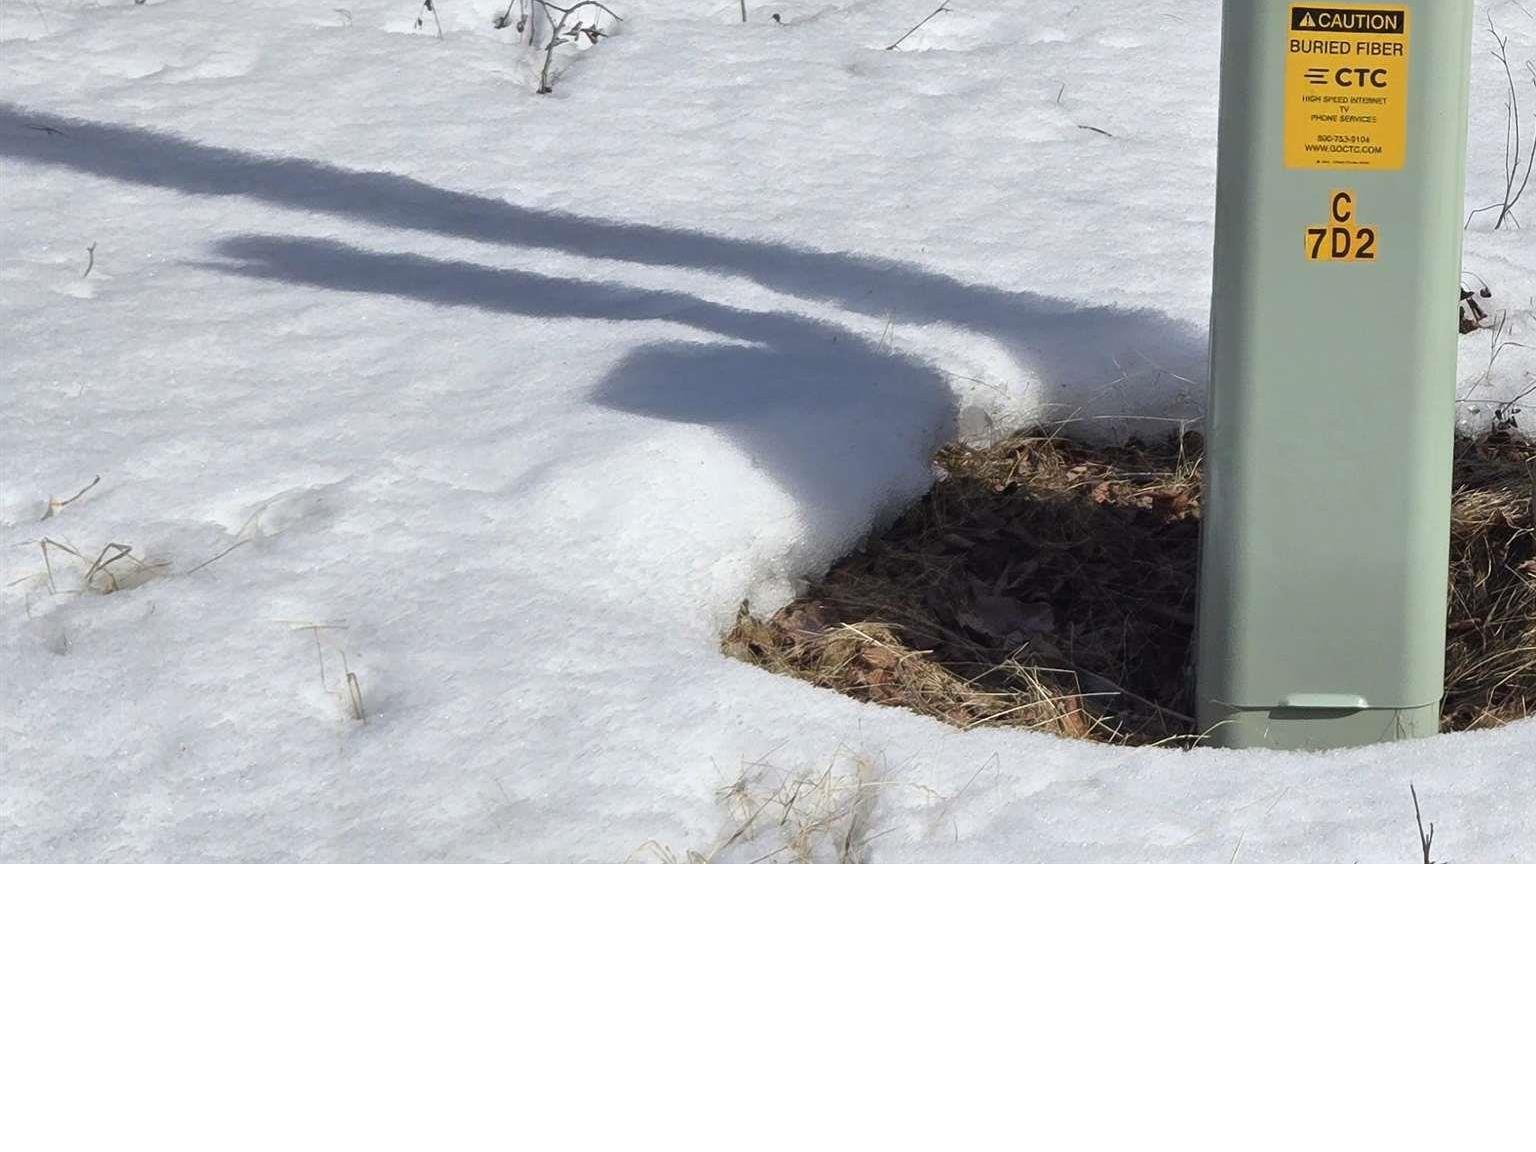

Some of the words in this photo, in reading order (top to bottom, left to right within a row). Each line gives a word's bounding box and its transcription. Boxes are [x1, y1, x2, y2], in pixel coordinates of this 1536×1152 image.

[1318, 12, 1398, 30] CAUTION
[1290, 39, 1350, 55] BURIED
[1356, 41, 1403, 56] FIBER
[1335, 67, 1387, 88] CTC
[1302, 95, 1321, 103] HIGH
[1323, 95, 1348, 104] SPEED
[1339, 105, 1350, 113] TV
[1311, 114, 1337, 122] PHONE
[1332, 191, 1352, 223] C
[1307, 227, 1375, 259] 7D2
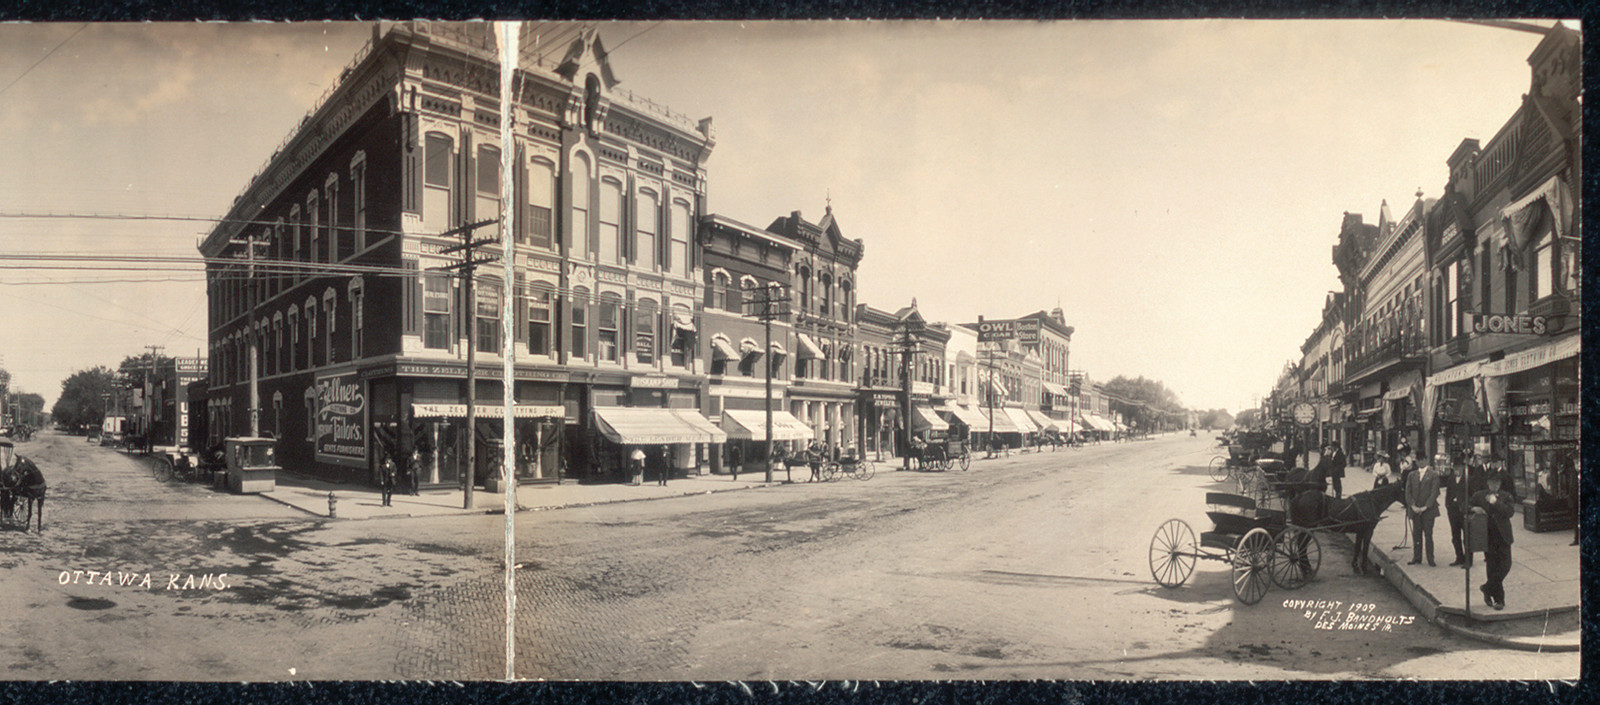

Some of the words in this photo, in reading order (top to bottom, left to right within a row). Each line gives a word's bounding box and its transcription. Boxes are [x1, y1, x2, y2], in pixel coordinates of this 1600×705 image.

▬▬▬▬▬▬▬▬▬▬

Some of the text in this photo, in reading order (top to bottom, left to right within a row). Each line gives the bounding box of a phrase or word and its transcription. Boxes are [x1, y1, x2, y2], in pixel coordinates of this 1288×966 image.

▬▬▬▬▬▬▬▬▬▬

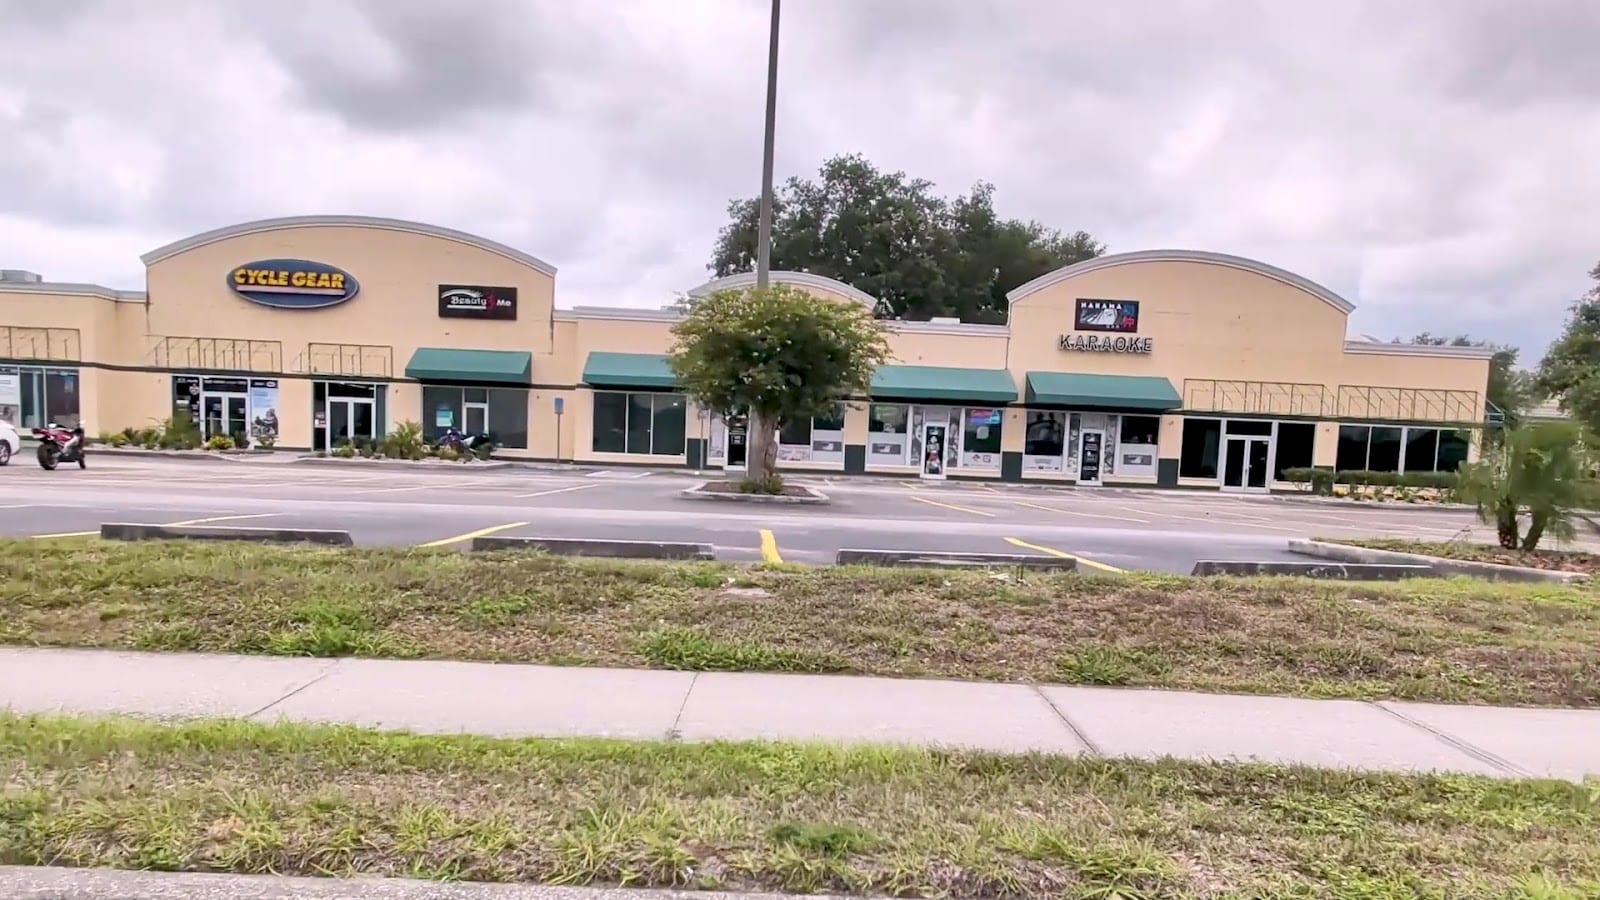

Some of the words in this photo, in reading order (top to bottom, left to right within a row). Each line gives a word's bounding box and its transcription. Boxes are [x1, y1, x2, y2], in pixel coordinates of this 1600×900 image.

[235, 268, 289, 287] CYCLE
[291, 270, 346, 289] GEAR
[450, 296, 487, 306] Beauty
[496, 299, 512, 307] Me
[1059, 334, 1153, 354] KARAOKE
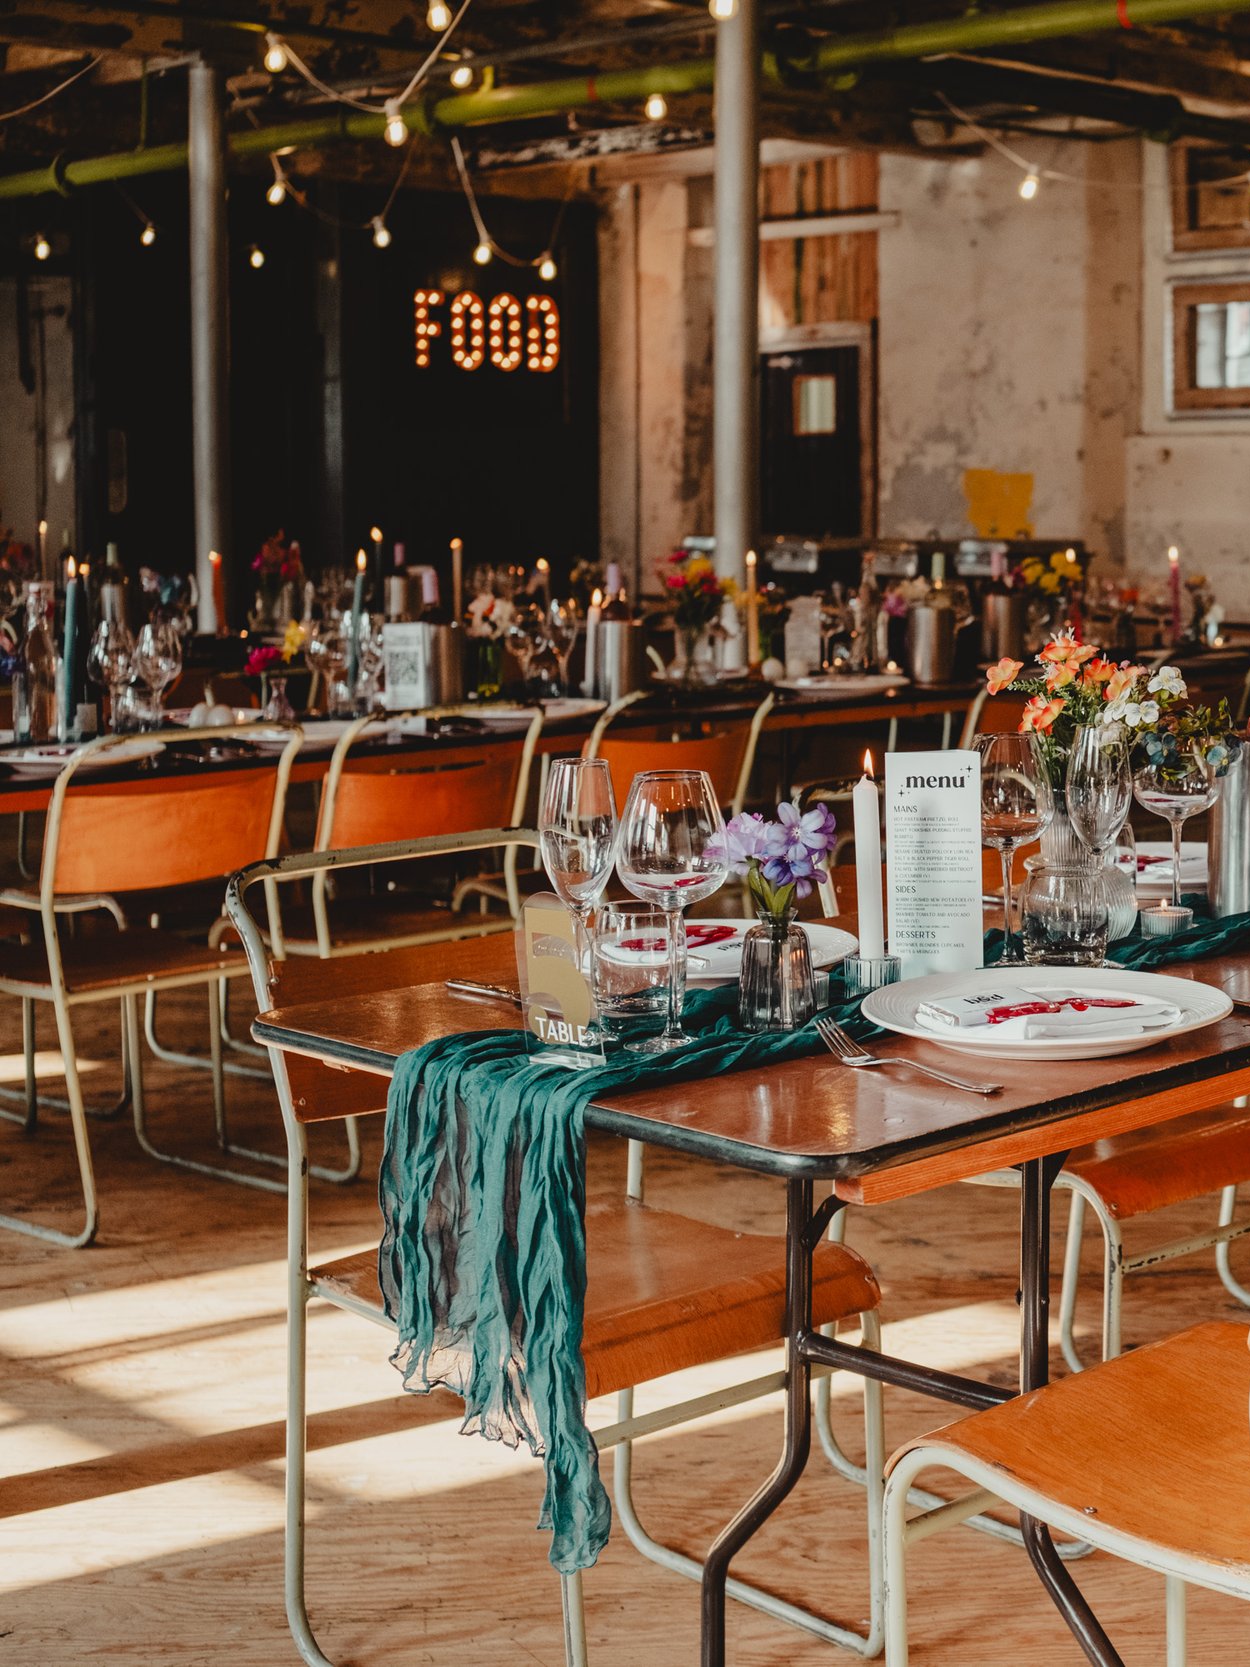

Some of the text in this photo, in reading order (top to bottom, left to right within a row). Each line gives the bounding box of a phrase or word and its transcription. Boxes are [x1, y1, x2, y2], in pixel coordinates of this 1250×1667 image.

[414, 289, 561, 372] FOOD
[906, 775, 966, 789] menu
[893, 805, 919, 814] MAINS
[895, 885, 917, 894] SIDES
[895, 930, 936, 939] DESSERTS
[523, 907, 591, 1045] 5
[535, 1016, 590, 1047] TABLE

▬▬▬▬▬▬▬▬▬▬

> WHAT NEEDS TO BE DONE
Look through the material above. Transcribe exactly the lines between the ones with "this 1536×1152 image." and "this 1600×705 image.", inclusive, and keep pictures out.

> FINISHED TASK
Some of the words in this photo, in reading order (top to bottom, left to right within a row). Each line gives a word's bounding box and its transcription. Boxes are [x1, y1, x2, y2], in pixel coordinates of this 1536×1152 image.

[1318, 12, 1398, 30] CAUTION
[1290, 39, 1350, 55] BURIED
[1356, 41, 1403, 56] FIBER
[1335, 67, 1387, 88] CTC
[1302, 95, 1321, 103] HIGH
[1323, 95, 1348, 104] SPEED
[1339, 105, 1350, 113] TV
[1311, 114, 1337, 122] PHONE
[1332, 191, 1352, 223] C
[1307, 227, 1375, 259] 7D2

Some of the words in this photo, in reading order (top to bottom, left to right within a row). Each line gives a word's bounding box and its transcription. Boxes are [x1, y1, x2, y2], in pixel coordinates of this 1600×705 image.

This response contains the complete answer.